Les Pokémon légendaires décevants : quand rareté ne rime pas avec efficacité

Regigigas : le colosse aux pieds d’argile

Regigigas prouve que même les légendaires peuvent être des échecs cuisants. Malgré des statistiques de base impressionnantes, ce titan souffre du talent « Début Calme » qui divise par deux son attaque et sa vitesse pendant cinq tours. Dans un jeu où la plupart des matches se terminent bien avant, ce handicap le rend aussi agile qu’un Chenipan asthmatique dans une course de 100 mètres.

Cette aberration de game design transforme ce potentiel monstre en liability pour votre équipe. Avec 160 en attaque physique et 100 en vitesse réduits de moitié, Regigigas devient moins menaçant qu’un Rondoudou en colère – une triste fin pour celui qui était censé avoir déplacé les continents.

Phione : le légendaire qui n’en est pas un

Phione représente parfaitement l’échec conceptuel. Ce pseudo-légendaire n’est qu’une version affaiblie de Manaphy avec des stats de 80 partout – la définition même de la médiocrité. Sans attaques spéciales intéressantes ni évolution possible, ce Pokémon eau se retrouve relégué au fond du tier list, là où personne ne va jamais le chercher.

Les joueurs compétitifs le considèrent comme un hazer médiocre et un spinner inefficace, incapable de gérer correctement les entry hazard qui affligent votre équipe.

Les évolutions décevantes et les designs ratés

Cheniselle et ses formes multiples mais inefficaces

Cheniselle illustre parfaitement comment multiplier les formes ne compense pas un design incompréhensible. Ce Pokémon existe en trois versions différentes, toutes aussi désastreuses les unes que les autres. Seule sa forme Poubelle bénéficie du type Acier, lui offrant une résistance décente, mais reste désespérément limitée avec un movepool restreint à Papillodanse.
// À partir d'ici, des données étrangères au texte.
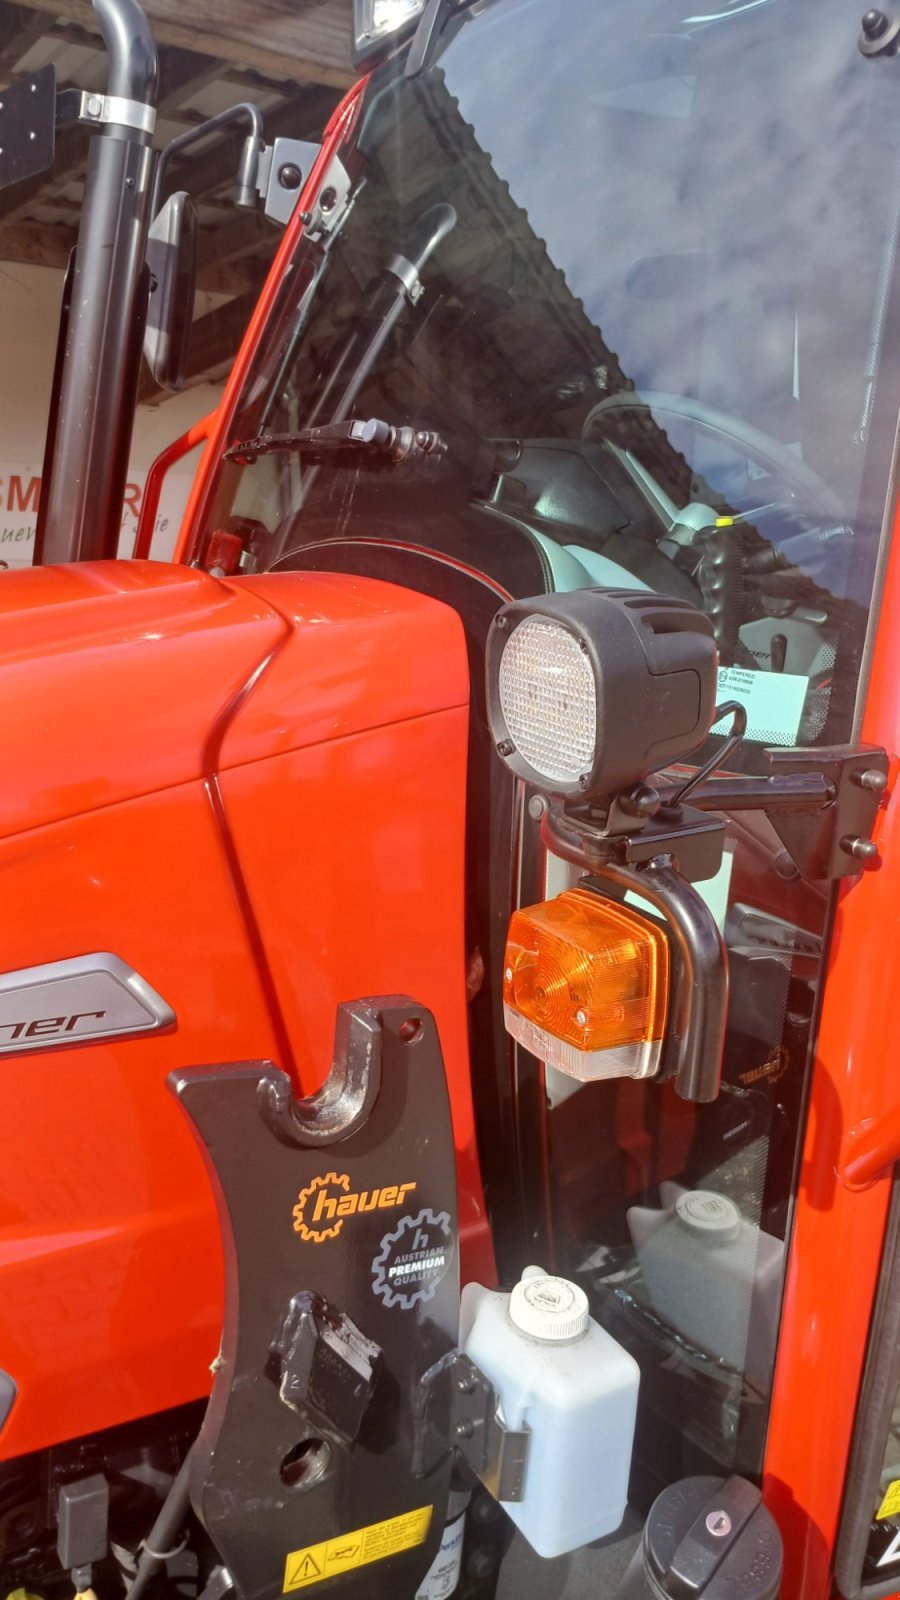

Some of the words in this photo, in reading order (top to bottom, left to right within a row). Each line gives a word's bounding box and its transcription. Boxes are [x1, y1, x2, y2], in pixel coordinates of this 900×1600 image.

[312, 1181, 417, 1222] hauer
[394, 1246, 444, 1265] AUSTRIAN
[388, 1256, 445, 1278] PREMIUM
[393, 1269, 439, 1286] QUALITY
En 2022, moins de 0,3% des joueurs compétitifs incluaient Cheniselle dans leurs teams. C’est encore moins que le taux d’adoption des cryptocurrencies par les chèvres de montagne – un exploit en soi.
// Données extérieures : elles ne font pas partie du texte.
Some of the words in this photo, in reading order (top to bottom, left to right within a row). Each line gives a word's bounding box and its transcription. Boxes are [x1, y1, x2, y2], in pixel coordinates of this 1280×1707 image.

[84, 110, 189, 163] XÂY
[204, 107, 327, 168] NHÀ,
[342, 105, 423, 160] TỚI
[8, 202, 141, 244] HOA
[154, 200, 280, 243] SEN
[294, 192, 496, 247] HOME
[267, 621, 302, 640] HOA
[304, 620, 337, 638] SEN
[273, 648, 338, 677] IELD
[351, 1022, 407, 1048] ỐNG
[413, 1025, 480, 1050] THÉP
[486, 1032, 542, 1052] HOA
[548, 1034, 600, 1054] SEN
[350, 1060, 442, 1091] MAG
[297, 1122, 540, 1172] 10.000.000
Pyroli et autres évolutions ratées d’Évoli

Pyroli représente la déception incarnée parmi les évolutions d’Évoli. Sa répartition de statistiques déséquilibrée et son typing feu mono-type le rendent vulnérable face aux attaques roc très répandues. Face à des choix comme Aquali ou Voltali, Pyroli fait figure d’erreur stratégique.

Son cousin glacé Givrali n’est guère mieux loti. Le type Glace est considéré comme le pire du jeu avec ses nombreuses faiblesses. Sa lenteur désastreuse garantit qu’il subira un RK avant même de lancer sa première attaque spéciale. Un investissement en PV ne suffit pas à compenser cette faiblesse structurelle.

Les pires designs : quand l’inspiration manque cruellement

Des objets du quotidien transformés en Pokémon

Quand les designers sont à court d’idées, ils transforment apparemment des objets ordinaires en Pokémon. Trousselin incarne cette tendance avec son concept ridicule : un trousseau de clés. Ses attaques font si peu de dégâts qu’il serait plus efficace de lancer littéralement des clés sur l’adversaire.

  1. Miasmax – Littéralement un tas d’ordures avec des statistiques correctes mais un design qui ferait pleurer tout directeur artistique respectant son métier
  2. Sorbouboul – Un cornet de glace qui fond plus vite que les chances de victoire de votre équipe quand vous l’incluez
  3. Trousselin – Des clés… simplement des clés, comme si quelqu’un avait photographié son porte-clés pour créer un Pokémon

Ces créations ne seraient pas déplacées dans une parodie, mais elles existent réellement dans le jeu officiel. C’est comme si nous avions donné carte blanche à un stagiaire un vendredi après-midi après trois cafés de trop.

Les humanoïdes peu convaincants

Judokrak et Karaclée représentent l’absence totale d’imagination avec leur design trop humain. Ces Pokémon ressemblent davantage à des personnes déguisées qu’à de véritables créatures. Judokrak n’est ni plus ni moins qu’un judoka en kimono, tandis que Karaclée se résume à un pratiquant de karaté à l’apparence générique.

Leur utilité en combat compétitif est aussi limitée que leur originalité conceptuelle. Avec des faiblesses aux attaques psychiques omniprésentes et un core défensif médiocre, ces combattants humanoïdes finissent généralement KO avant d’avoir pu prouver leur valeur. À la génération actuelle, ils sont aussi pertinents dans une équipe qu’un disque vinyle dans un smartphone.